Douglas J. Alward, 48, gave up without a struggle near the town of Yuma, and the woman was unharmed, said Alison Morgan, a spokeswoman for the Colorado Department of Corrections.
‘‘This is excellent news for the citizens of Colorado. We had a dangerous offender on the loose, and he is in custody,’’ Morgan said.
Authorities said Alward would have been eligible for parole in two months. He was serving a 20- to- 40-year sentence at the Sterling Correctional Facility for attempted murder, assault, burglary and kidnapping when he escaped Sunday.
Alward will face additional charges for his escape, but state corrections officials said they aren’t sure what they would all be.
The prison is about 100 miles northeast of Denver and about 45 miles northwest of where he was captured.
Morgan said authorities had been ‘‘literally, physically tracking him’’ since his escape, tracing all of his movements since he fled the prison. The pursuit culminated Wednesday morning as the FBI and prison officials zeroed in on an approximate location covering a six-mile radius, Morgan said. The FBI was helped with aircraft, with a state patrol trooper using his personal airplane to help track Alward.
‘‘So we were closing the net all morning long,’’ Morgan said.
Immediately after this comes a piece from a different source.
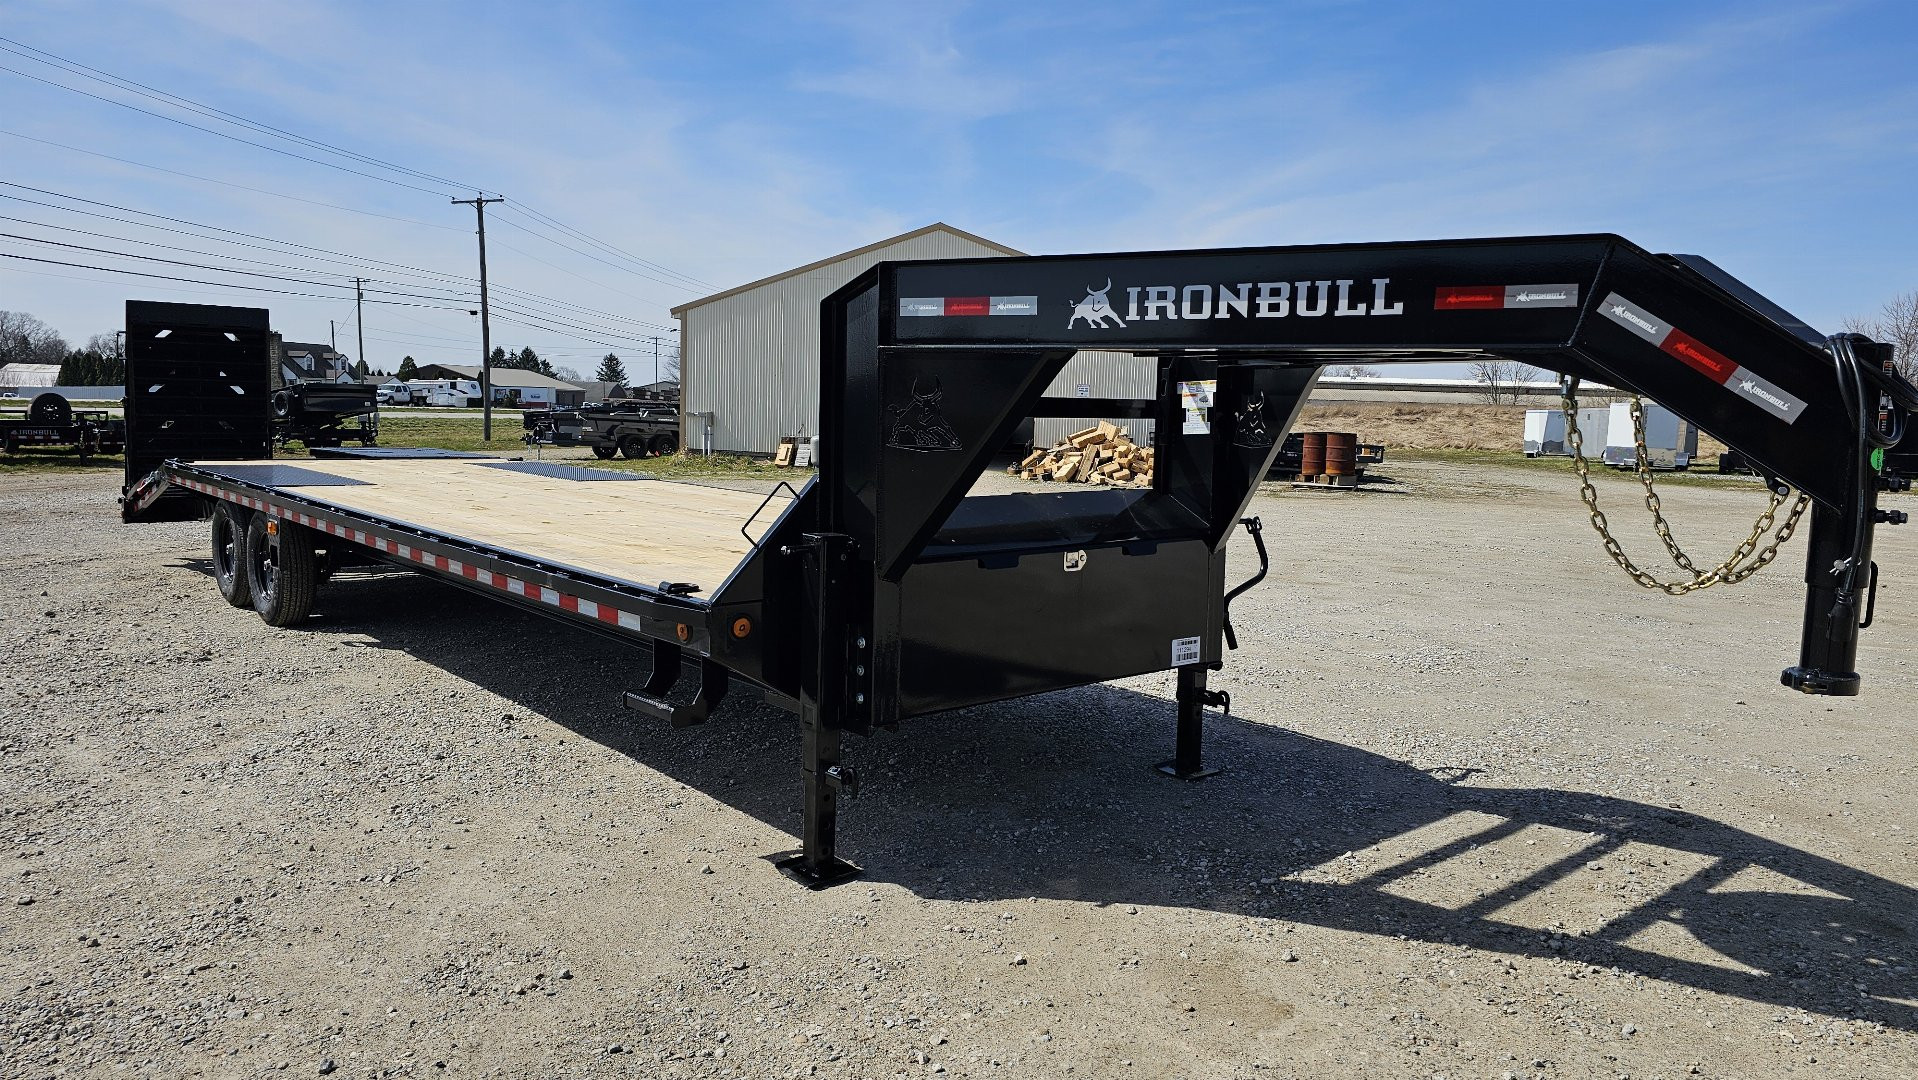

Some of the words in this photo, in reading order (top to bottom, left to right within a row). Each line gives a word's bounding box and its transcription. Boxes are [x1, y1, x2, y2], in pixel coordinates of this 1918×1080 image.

Authorities had described Alward as extremely dangerous. His previous escapes involved kidnappings and a shootout with police. Morgan said she didn’t have information on the woman, including how long she had been held hostage or whether Alward was armed. Morgan said the woman was being held in what Morgan described as a ‘‘modular home.’’
Ari Zavaras, state corrections director, said the woman is fine, but declined to release any personal information about her. Alward, who was unarmed when he was captured, held the woman for a couple hours in the home that abutted a dense corn field.
‘‘He had taken some means for incapacitating her,’’ Zavaras said without elaborating.
State corrections officials will focus on how Alward was able to escape, possibly tapping an outside entity to investigate. Zavaras said they know he breached the fence around the perimeter using materials he apparently got from inside the prison. The materials, which Zavaras didn’t identify, were found at the fence.
Colorado Department of Corrections spokeswoman Katherine Sanguinetti said authorities had been going door-to-door in towns and rural areas near Sterling in their search for him.
‘‘He planned an elaborate escape from prison,’’ Denver FBI spokesman Dave Joly said. ‘‘He appears to be intelligent, resourceful and motivated.’’
Sanguinetti said prison officials aren’t saying how Alward escaped and are investigating whether he had help. She said he could not have simply walked away because of high security.
Authorities were offering a $15,000 reward for information leading to Alward’s capture. It wasn’t immediately known whether anyone tipped authorities to his whereabouts.
Alward was first incarcerated in 1980 for a conviction of attempted first-degree murder, assault and burglary. He escaped from Buena Vista Correctional Facility in southern Colorado on Dec. 2, 1980, by running from a prison bus with an inner tube and jumping into the Arkansas River, Sanguinetti said.
Officials caught him a short time later as he floated downstream.
On Aug. 22, 1985, Alward escaped from the Colorado Territorial Facility. Sanguinetti said he broke into a kitchen storage area and escaped through a hole in the wall. He used some boards and a rope to scale a prison wall, broke into a state transportation building, stole a dump truck and crashed it through a gate.
He was caught about five weeks later in Arizona, though Sanguinetti did not immediately have details of his capture.
On July 7, 1991, Alward was at the Fremont County Jail for a court appearance when he and another inmate overpowered a guard and stole the deputy’s 9 mm service weapon. Alward and the accomplice kidnapped a 19-year-old woman and released her in Colorado Springs, about 40 miles away from the courthouse, Sanguinetti said.
Alward fled the state and was spotted about a week later in Idaho, where he fired shots at a policeman and kidnapped a man in Garden City. He was captured in Ontario, Ore., the next day following a police chase.
Alward would have been eligible for parole in October and had worked his way to a classification considered just below minimum risk. He was two years away from manadatory parole, but would have faced federal charges upon release from state prison, Zavaras said.
Zavaras didn’t say what the federal charges were.